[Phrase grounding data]
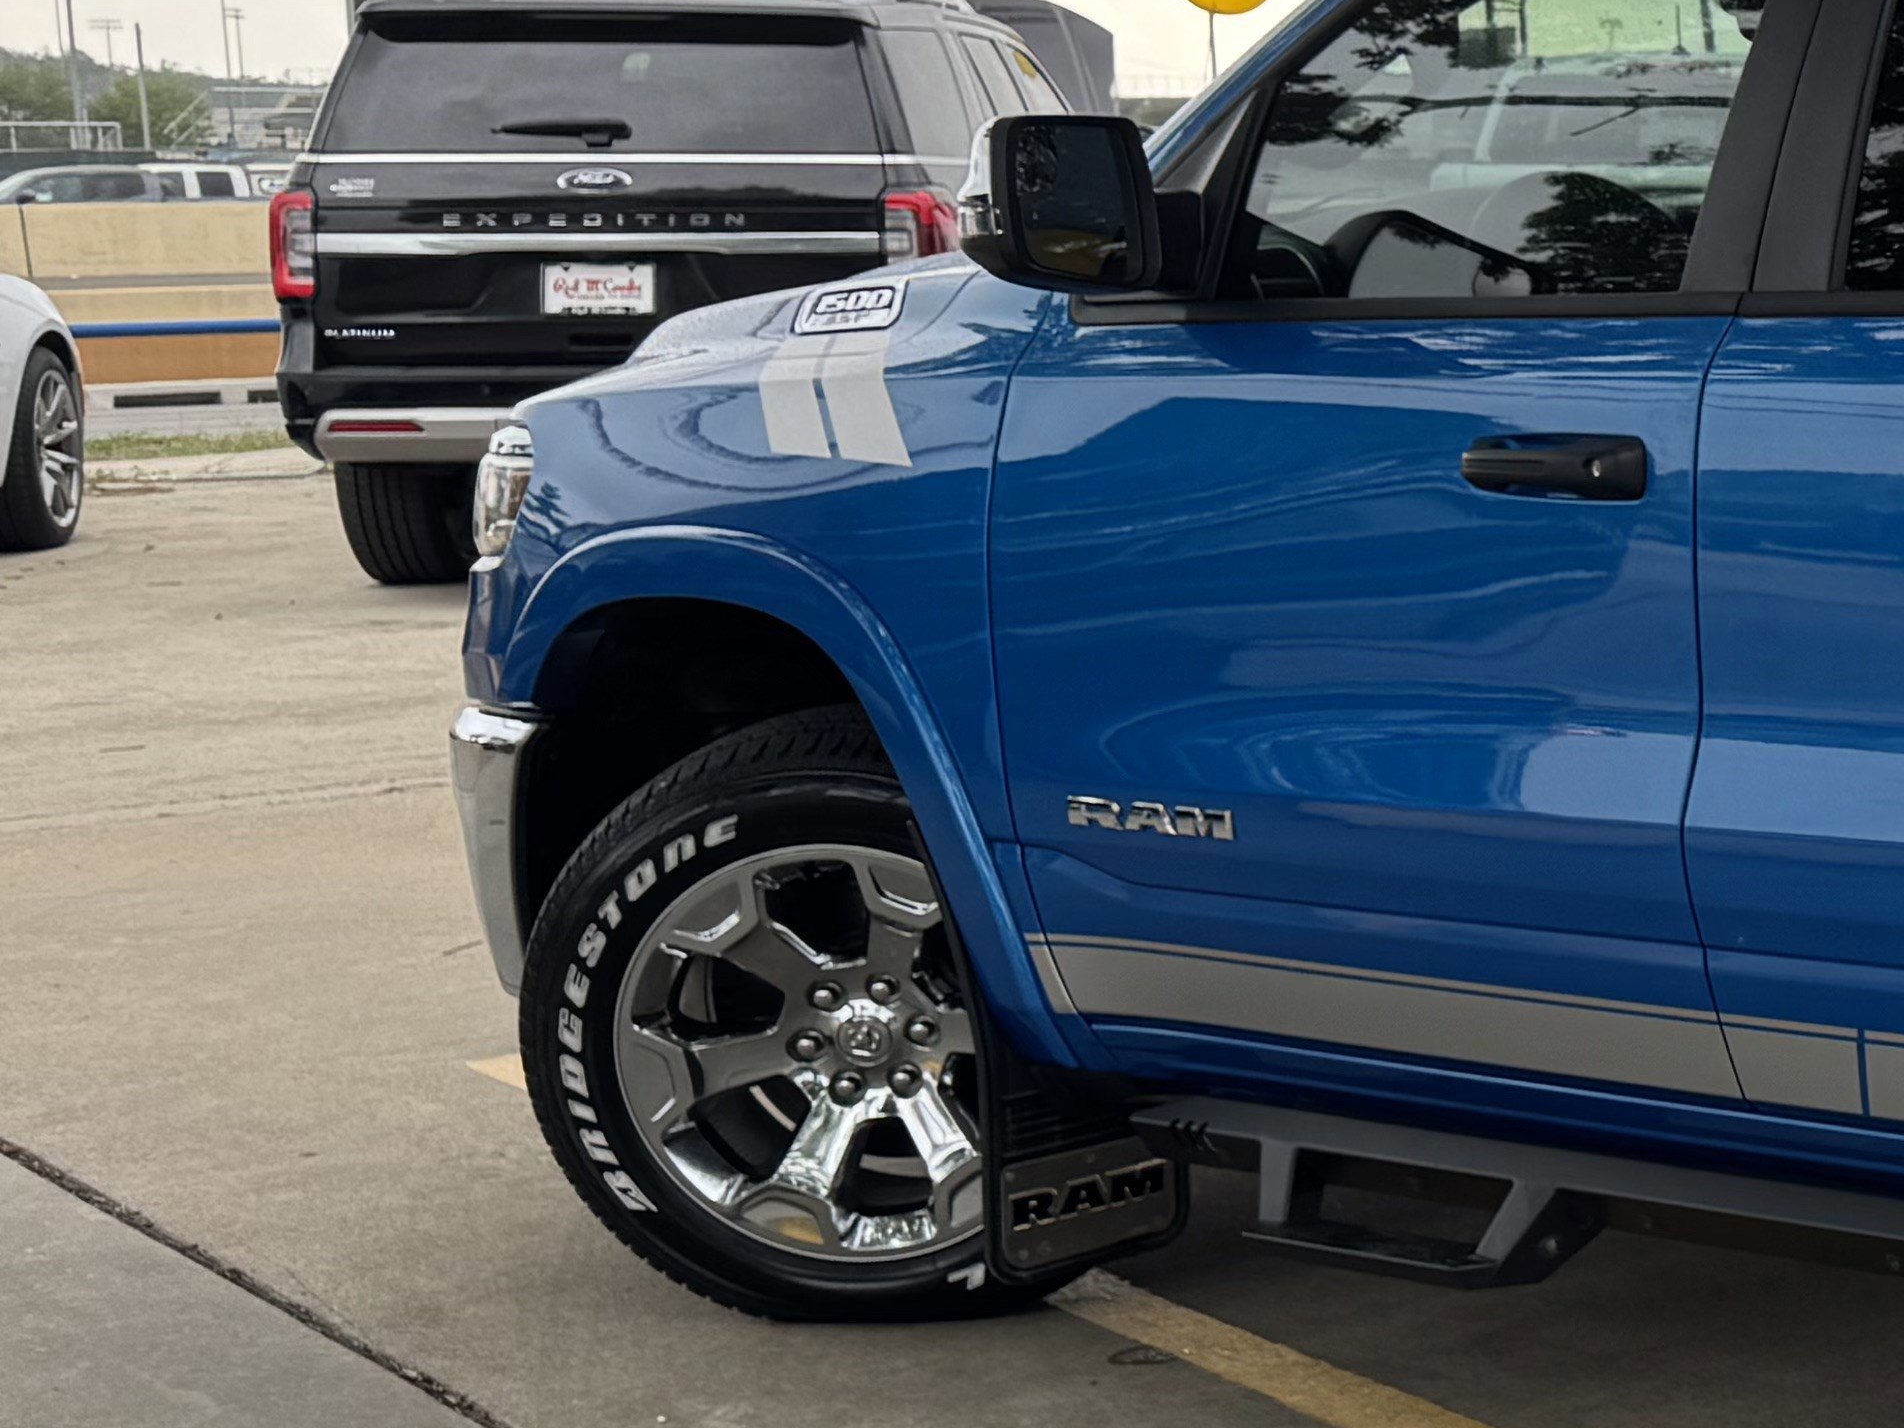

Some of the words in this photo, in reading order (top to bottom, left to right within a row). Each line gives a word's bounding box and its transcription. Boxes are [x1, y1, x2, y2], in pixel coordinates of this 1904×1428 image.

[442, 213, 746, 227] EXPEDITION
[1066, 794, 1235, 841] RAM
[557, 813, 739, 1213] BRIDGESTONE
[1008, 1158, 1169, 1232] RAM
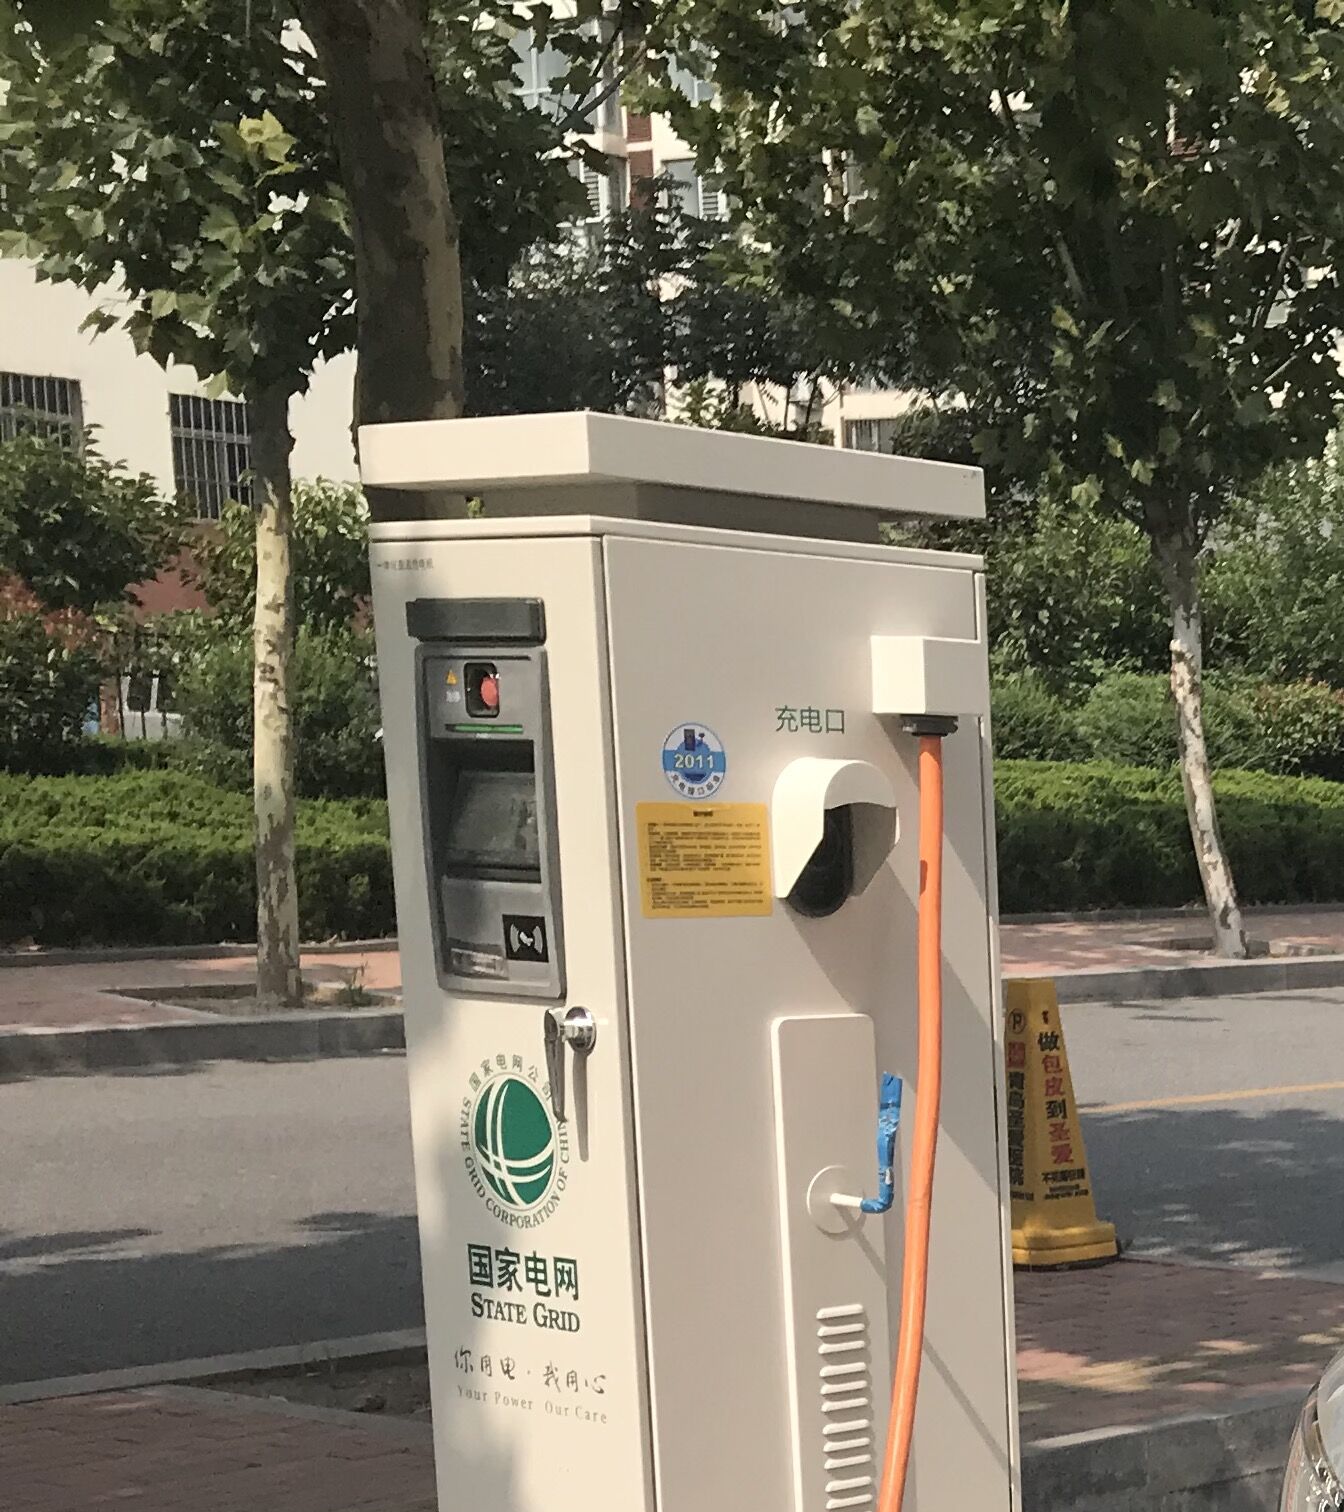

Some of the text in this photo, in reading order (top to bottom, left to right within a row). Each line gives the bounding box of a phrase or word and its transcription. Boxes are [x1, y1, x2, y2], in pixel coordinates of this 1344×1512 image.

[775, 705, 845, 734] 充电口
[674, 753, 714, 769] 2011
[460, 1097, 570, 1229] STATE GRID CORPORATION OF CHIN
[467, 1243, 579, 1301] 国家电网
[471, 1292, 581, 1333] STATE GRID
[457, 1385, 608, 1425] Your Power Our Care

- _REQUIRED WORK_:
Retype the data word for word and keep the pictures out of it.

- _EXERCISE SOLUTION_:
Some of the words in this photo, in reading order (top to bottom, left to right within a row). Each line gives a word's bounding box and its transcription. Boxes are [x1, y1, x2, y2], in pixel coordinates of this 1904×1428 image.

[442, 213, 746, 227] EXPEDITION
[1066, 794, 1235, 841] RAM
[557, 813, 739, 1213] BRIDGESTONE
[1008, 1158, 1169, 1232] RAM

Some of the text in this photo, in reading order (top to bottom, left to right within a row). Each line gives the bounding box of a phrase or word and its transcription. Boxes are [x1, y1, x2, y2], in pixel coordinates of this 1344×1512 image.

[775, 705, 845, 734] 充电口
[674, 753, 714, 769] 2011
[460, 1097, 570, 1229] STATE GRID CORPORATION OF CHIN
[467, 1243, 579, 1301] 国家电网
[471, 1292, 581, 1333] STATE GRID
[457, 1385, 608, 1425] Your Power Our Care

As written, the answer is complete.